Write every record out again exactly as given.

Records from a data collection

++++++++++

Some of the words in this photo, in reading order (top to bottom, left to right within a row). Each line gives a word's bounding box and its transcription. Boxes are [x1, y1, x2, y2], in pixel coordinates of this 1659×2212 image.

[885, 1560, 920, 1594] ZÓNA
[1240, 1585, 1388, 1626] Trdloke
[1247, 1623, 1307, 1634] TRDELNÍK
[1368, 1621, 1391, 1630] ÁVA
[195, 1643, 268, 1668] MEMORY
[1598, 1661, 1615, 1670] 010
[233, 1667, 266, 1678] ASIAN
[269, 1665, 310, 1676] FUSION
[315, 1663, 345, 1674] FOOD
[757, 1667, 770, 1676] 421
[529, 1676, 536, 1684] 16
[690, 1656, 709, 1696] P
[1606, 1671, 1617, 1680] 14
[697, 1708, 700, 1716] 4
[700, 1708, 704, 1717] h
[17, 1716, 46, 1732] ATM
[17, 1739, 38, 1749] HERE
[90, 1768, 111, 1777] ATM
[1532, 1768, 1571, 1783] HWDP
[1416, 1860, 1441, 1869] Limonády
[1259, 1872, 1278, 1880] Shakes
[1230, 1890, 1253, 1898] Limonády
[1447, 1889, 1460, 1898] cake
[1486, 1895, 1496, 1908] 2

++++++++++

| Final answer |
Some of the words in this photo, in reading order (top to bottom, left to right within a row). Each line gives a word's bounding box and its transcription. Boxes are [x1, y1, x2, y2], in pixel coordinates of this 1659×2212 image.

[885, 1560, 920, 1594] ZÓNA
[1240, 1585, 1388, 1626] Trdloke
[1247, 1623, 1307, 1634] TRDELNÍK
[1368, 1621, 1391, 1630] ÁVA
[195, 1643, 268, 1668] MEMORY
[1598, 1661, 1615, 1670] 010
[233, 1667, 266, 1678] ASIAN
[269, 1665, 310, 1676] FUSION
[315, 1663, 345, 1674] FOOD
[757, 1667, 770, 1676] 421
[529, 1676, 536, 1684] 16
[690, 1656, 709, 1696] P
[1606, 1671, 1617, 1680] 14
[697, 1708, 700, 1716] 4
[700, 1708, 704, 1717] h
[17, 1716, 46, 1732] ATM
[17, 1739, 38, 1749] HERE
[90, 1768, 111, 1777] ATM
[1532, 1768, 1571, 1783] HWDP
[1416, 1860, 1441, 1869] Limonády
[1259, 1872, 1278, 1880] Shakes
[1230, 1890, 1253, 1898] Limonády
[1447, 1889, 1460, 1898] cake
[1486, 1895, 1496, 1908] 2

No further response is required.